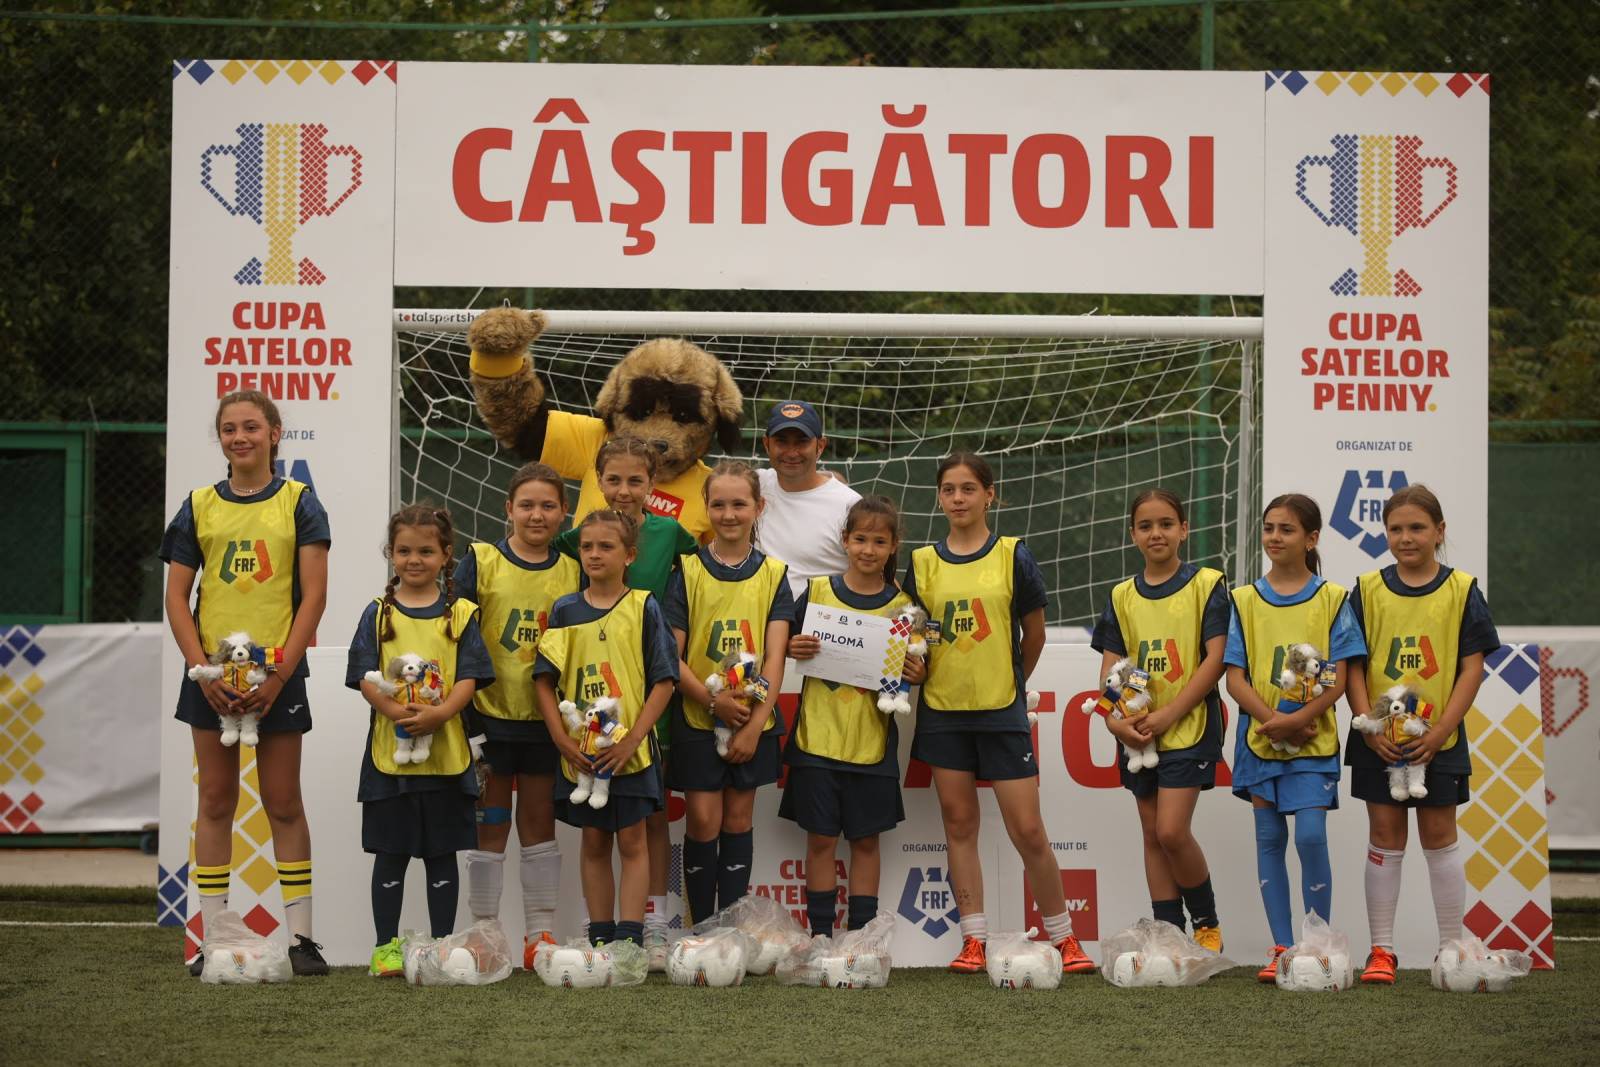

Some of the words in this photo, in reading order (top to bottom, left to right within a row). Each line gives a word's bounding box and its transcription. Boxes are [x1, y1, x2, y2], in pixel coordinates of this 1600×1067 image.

[232, 301, 326, 330] CUPA
[399, 312, 475, 324] totalsportsh
[1329, 312, 1423, 341] CUPA
[204, 337, 352, 366] SATELOR
[1301, 348, 1450, 377] SATELOR
[1314, 383, 1437, 412] PENNY.
[301, 430, 315, 440] DE
[1336, 440, 1396, 451] ORGANIZAT
[1399, 441, 1413, 451] DE
[645, 494, 677, 516] NNY.
[1359, 499, 1385, 522] FR
[234, 557, 256, 573] FRF
[955, 616, 974, 633] FRF
[518, 627, 539, 643] FRF
[722, 637, 743, 651] FRF
[1147, 656, 1167, 673] FRF
[1400, 653, 1422, 670] FRF
[584, 681, 605, 700] FRF
[902, 843, 948, 853] ORGANIZA
[1076, 843, 1088, 851] DE
[780, 859, 848, 880] CUA
[921, 890, 949, 909] FRF
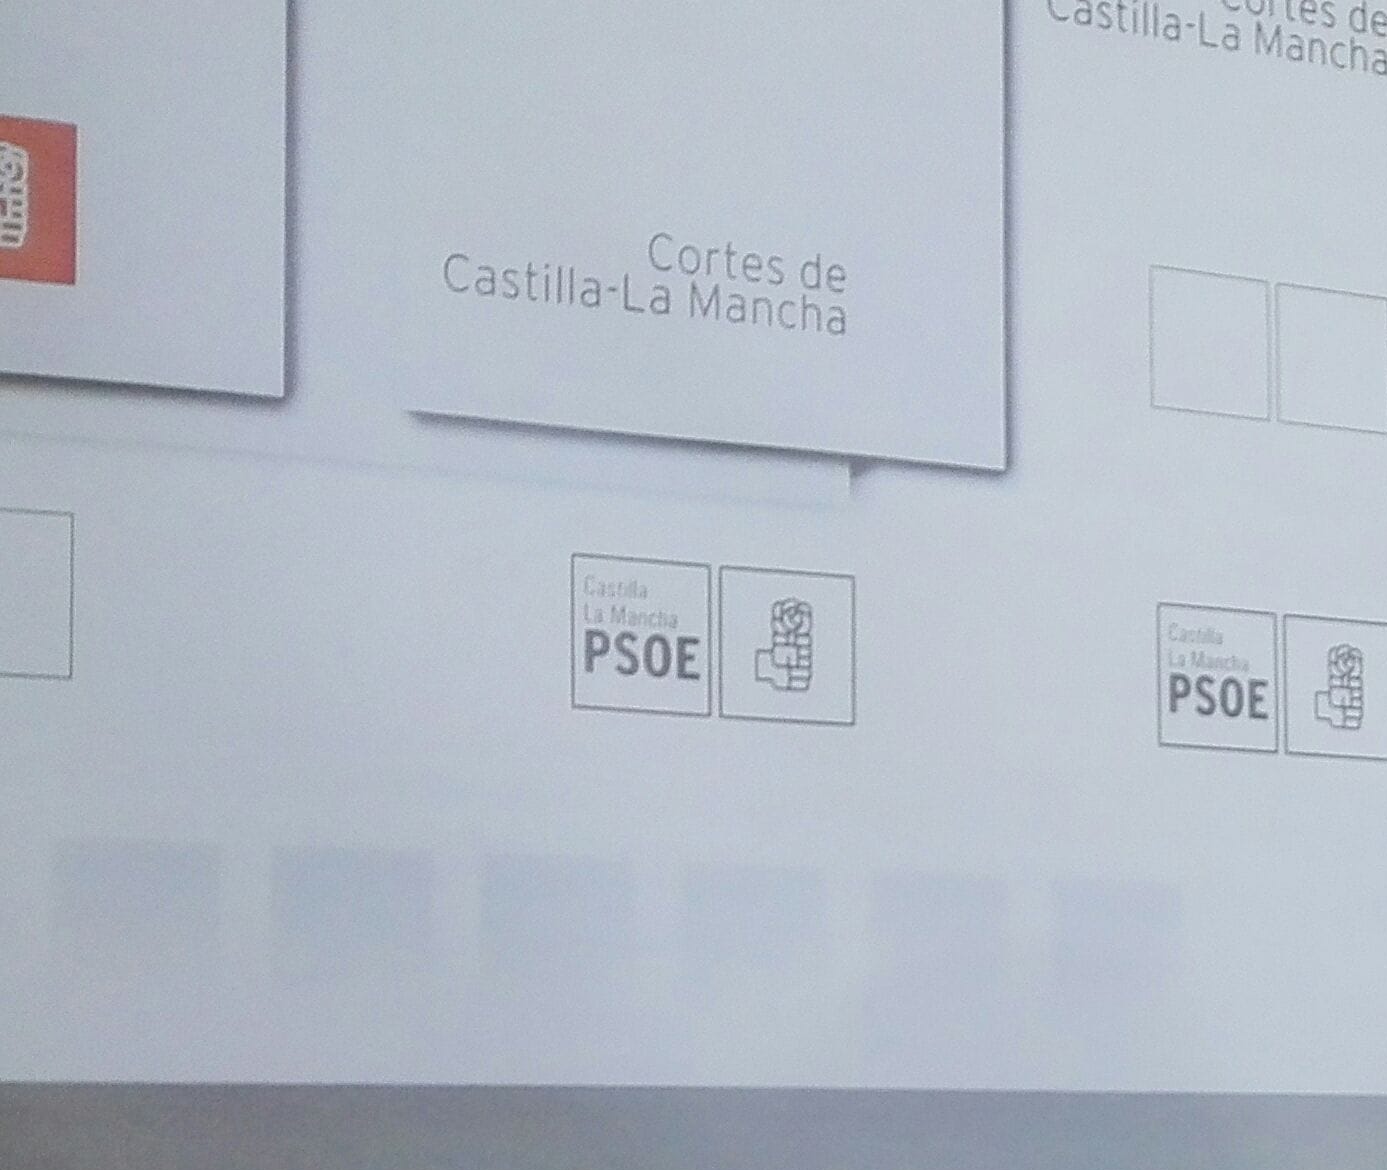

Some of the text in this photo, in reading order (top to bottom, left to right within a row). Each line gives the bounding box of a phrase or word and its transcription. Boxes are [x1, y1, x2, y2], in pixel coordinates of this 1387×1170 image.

[1049, 0, 1240, 50] Castilla-La
[648, 232, 847, 292] Cortes de
[443, 253, 847, 335] Castilla-La Mancha
[584, 628, 700, 680] PSOE
[1169, 673, 1268, 719] PSOE
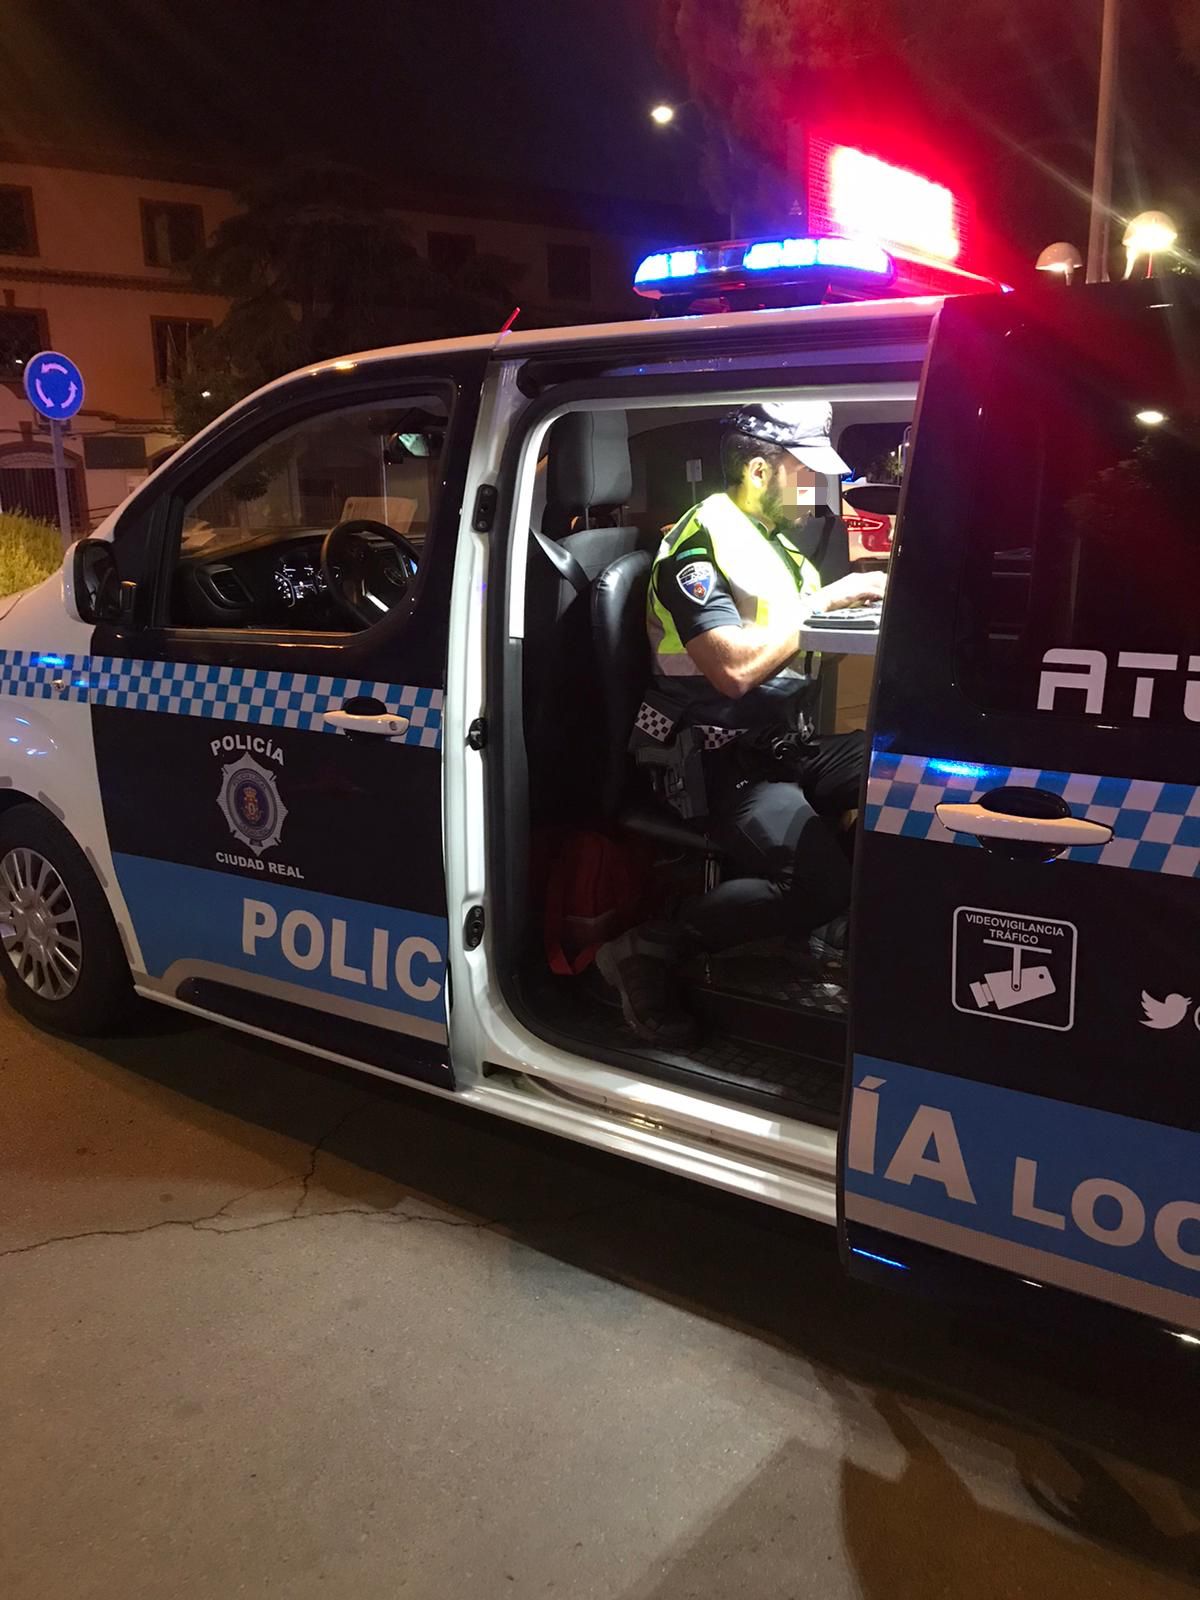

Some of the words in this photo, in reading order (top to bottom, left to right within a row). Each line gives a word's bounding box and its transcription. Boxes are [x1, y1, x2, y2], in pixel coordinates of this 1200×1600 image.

[1037, 648, 1200, 722] AT
[210, 735, 284, 766] POLICÍA
[215, 852, 265, 871] CIUDAD
[268, 862, 305, 879] REAL
[965, 913, 1065, 937] VIDEOVIGILANCIA
[989, 928, 1039, 944] TRÁFICO
[242, 898, 442, 1002] POLIC
[847, 1075, 977, 1205] ÍA
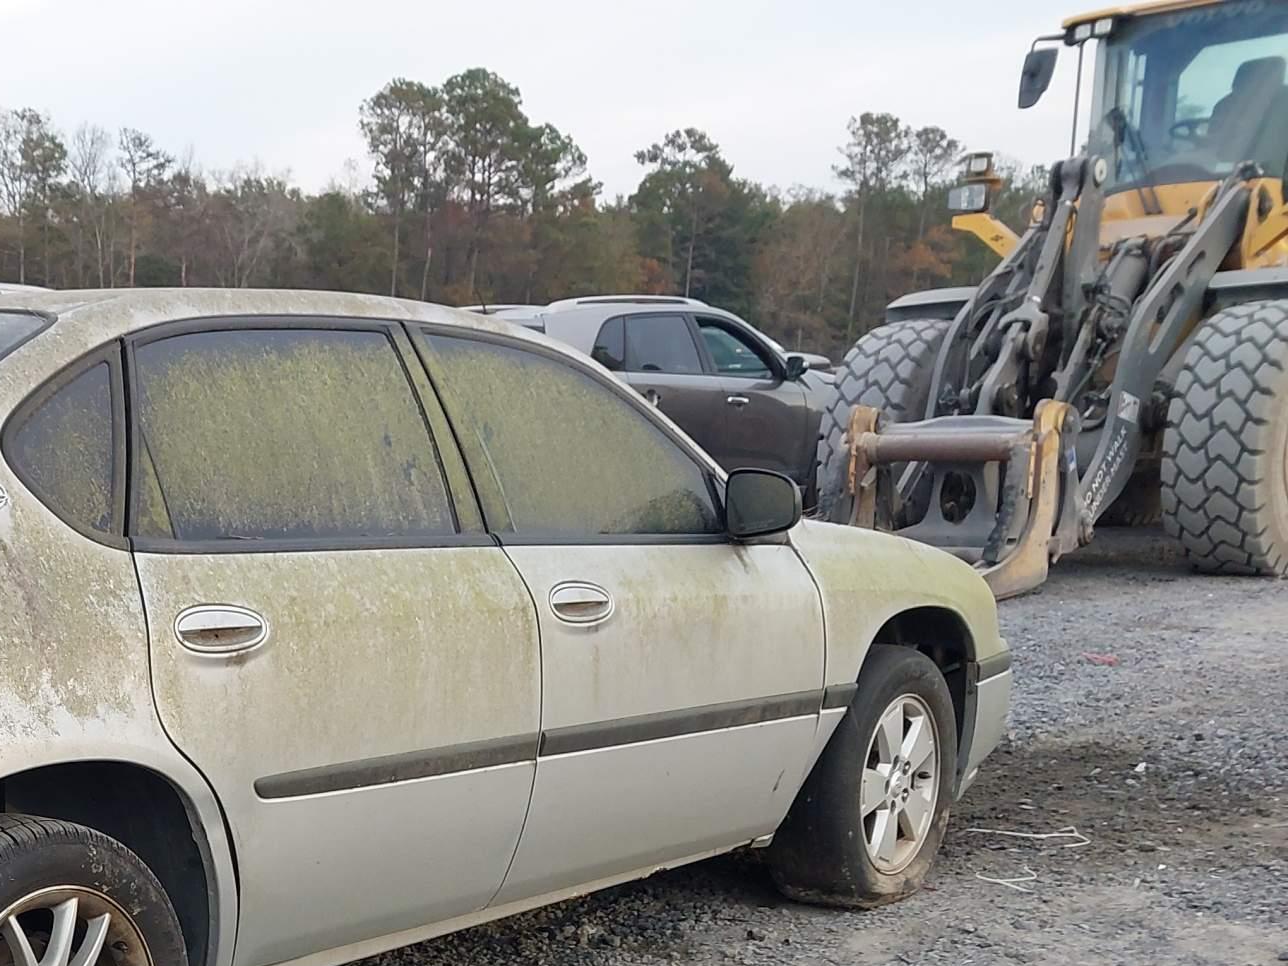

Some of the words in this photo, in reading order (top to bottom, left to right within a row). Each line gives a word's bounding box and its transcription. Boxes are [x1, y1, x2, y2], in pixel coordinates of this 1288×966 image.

[1088, 475, 1111, 518] UNDER
[1111, 440, 1128, 477] MAST
[1092, 461, 1107, 491] NOT
[1107, 425, 1127, 462] WALK

____

■ What is being asked ■
From the line holding "this 1288×966 image." to the last line of the records, quote each line exactly and add nothing.

■ Solution to the problem ■
Some of the words in this photo, in reading order (top to bottom, left to right within a row). Each line gives a word's bounding box and its transcription. Boxes are [x1, y1, x2, y2], in pixel coordinates of this 1288×966 image.

[1088, 475, 1111, 518] UNDER
[1111, 440, 1128, 477] MAST
[1092, 461, 1107, 491] NOT
[1107, 425, 1127, 462] WALK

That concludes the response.